Sendikaların, İngiliz sömürge döneminden itibaren mücadele içinde olduğunu hatırlatan Baybora, “O yıllarda başlayan var oluş mücadelesi bugünkü var oluş mücadelemize yol göstermektedir” dedi.

“Kıbrıs’ın kuzeyinin TC’nin alt yönetimi olması”, “Kıbrıs sorununun çözümsüz kalması”, “Kıbrıslı Rumların elinde tuttuğu yasal devleti Kıbrıslı Türklerle paylaşmaması”, “Kıbrıs Türk toplumunun üretimden koparılması” ve “AB müktesebatının Kıbrıs’ın kuzeyinde askıda olması”nın yaşanılan sorunların temel kaynağı olduğunu söyleyen Baybora açıklamasının devamında ise, “Köylüsü, işçisi, çiftçisi, hayvancısı, esnafı, memuru, öğretmeni, doktoru, yargı mensupları, kısacası toplumun büyük kesimi yaratılan bu düzende yok oluş tehlikesiyle karşı karşıyadır.

Birlikte mücadele etmek dışında herhangi bir seçeneğimiz yoktur.
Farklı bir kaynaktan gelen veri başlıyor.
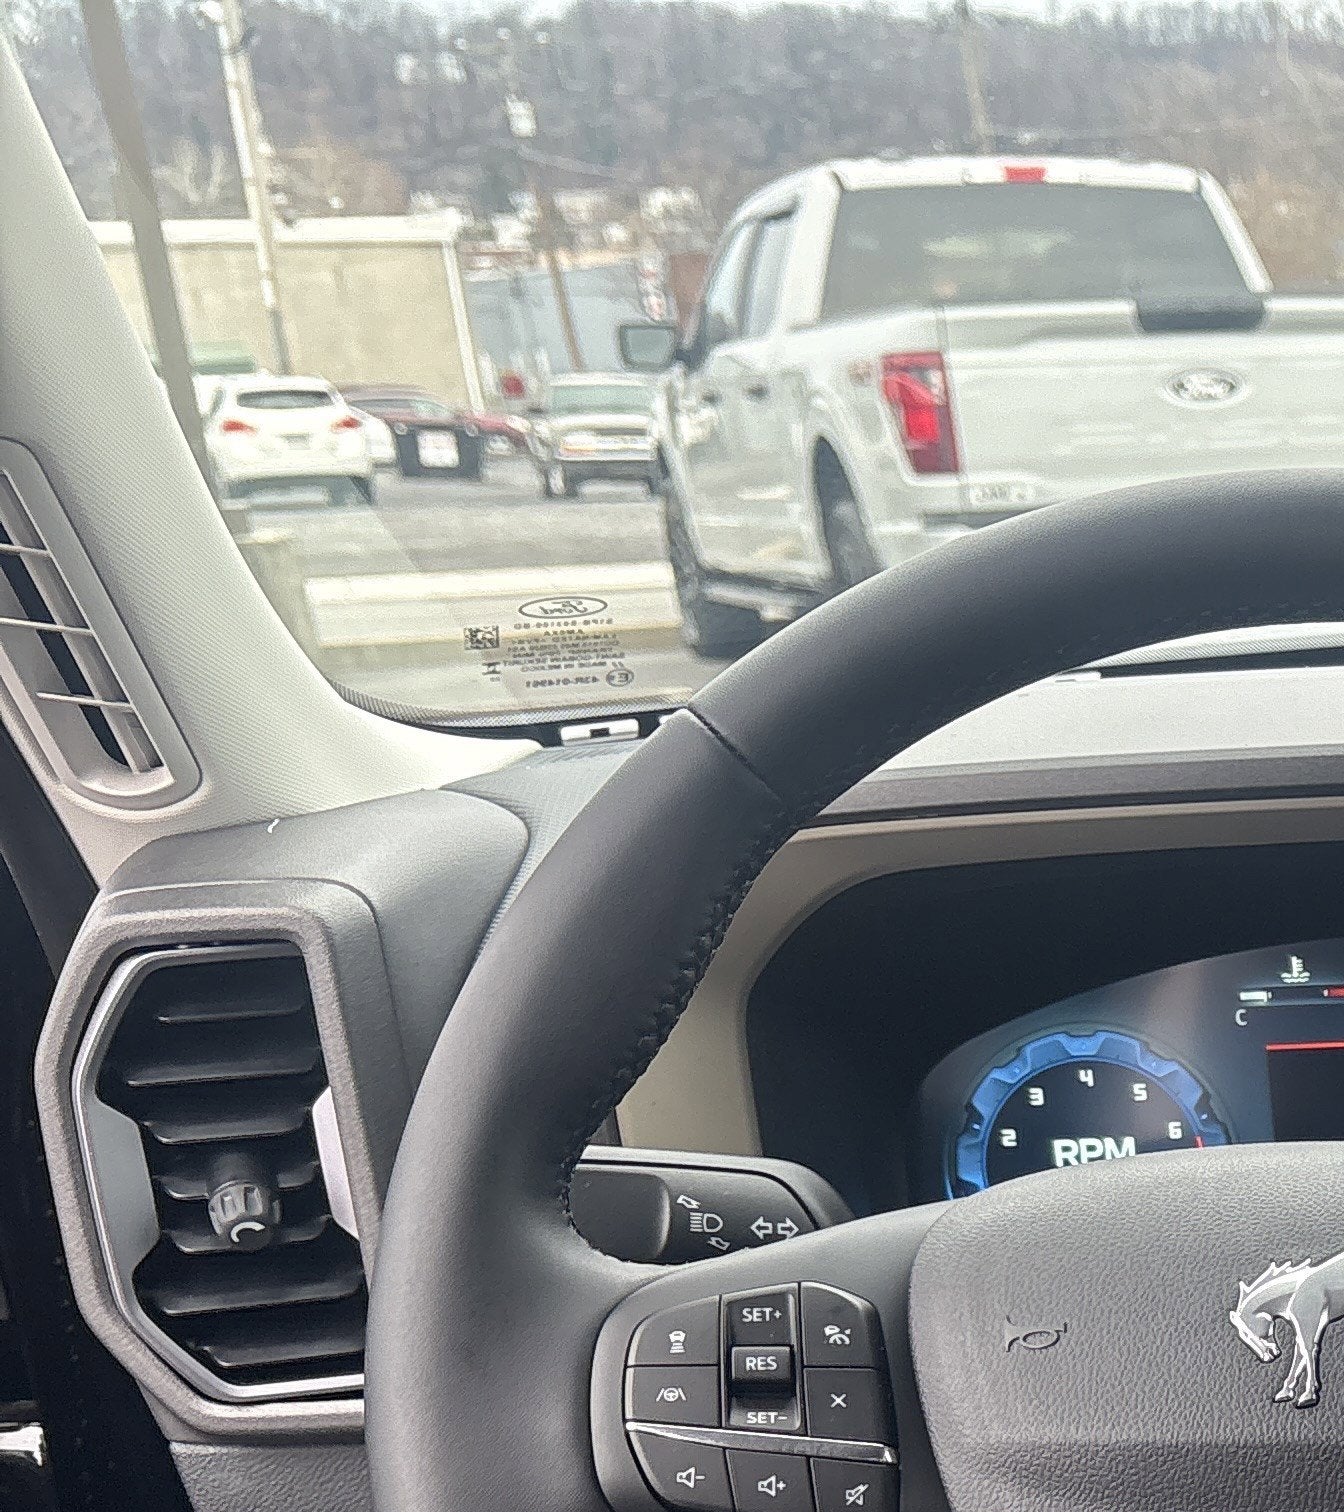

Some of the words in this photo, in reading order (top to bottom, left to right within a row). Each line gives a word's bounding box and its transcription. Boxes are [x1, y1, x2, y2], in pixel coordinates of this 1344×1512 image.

Yeter ki konfor alanlarımızı terk etmeyi göze alabilelim” ifadelerini kullandı.

Açıklamanın tamamı şöyle:

“Sendikalar Cumhuriyeti:

1983 yılından önce de sendikalar vardı…..

Kıbrıs Türk toplumu tarihindeki en ağır ekonomik ve siyasi buhran dönemini yaşamaktadır.

Bununla birlikte siyasi istikrarsızlık ve siyasete yapılan müdahaleler tarihte hiç bu kadar gün yüzüne çıkmamıştır.

Sendikaların Kıbrıs Türk toplumunun var oluş mücadelesindeki yeri İngiliz sömürge dönemindeki 1950’li yıllarından itibaren başlamıştır.

O yıllarda başlayan var oluş mücadelesi bugünkü var oluş mücadelemize yol göstermektedir.

Sendikacılar, canlarıyla, mallarıyla ve ülkeyi terk etmek zorunda kaldıkları dönemlerden geçerek bugüne kadar mücadele etmeye devam etmişler.

İçinden geçtiğimiz bu dönemde yaşadığımız sorunların temelini:

“KIBRISIN KUZEYİNİN TC’NİN ALT YÖNETİMİ OLMASI…
KIBRIS SORUNUNUN ÇÖZÜMSÜZ KALMASI…
KIBRISLI RUMLARIN ELİNDE TUTTUĞU YASAL DEVLETİ KIBRISLI TÜRKLERLE PAYLAŞMAMASI…
KIBRIS TÜRK TOPLUMUNUN ÜRETİMDEN KOPARILMASI…
KIBRISIN KUZEYİNDE AB MÜKTESEBATININ ASKIDA OLMASI…” oluşturmaktadır.

Bizler sadece sonuçlar üzerinden değerlendirme yapmayacak kadar kabiliyet sahibiyiz.

Kıbrıs Türk toplumun iradesine ve kimliğine karşı yapılan söylemler karşısında sendikaların öncülüğünde 2011 yılında tarihin en büyük iki kitlesel eylemi gerçekleştirilmiştir.

Yakın tarihimizde Kıbrıs Türk yargısına yapılan müdahale ve söylemler karşısında yine sendikalar en ön saflarda Barolar Birliği ile birlikte yargı bağımsızlığı için mücadele etmiştir ve etmeye devam edecektir.

Bu ülke hepimizindir….

Köylüsü, işçisi, çiftçisi, hayvancısı, esnafı, memuru, öğretmeni, doktoru, yargı mensupları, kısacası toplumun büyük kesimi yaratılan bu düzende yok oluş tehlikesiyle karşı karşıyadır.

Birlikte mücadele etmek dışında herhangi bir seçeneğimiz yoktur. Yeter ki konfor alanlarımızı terk etmeyi göze alabilelim.

Kurtulmak yok tek başına…. ya hep beraber ya hiç birimiz…

SENDİKALAR KIBRIS TÜRK TOPLUMUNUN VAR OLUŞUNUN TEMELİNİ OLUŞTURMAKTADIR.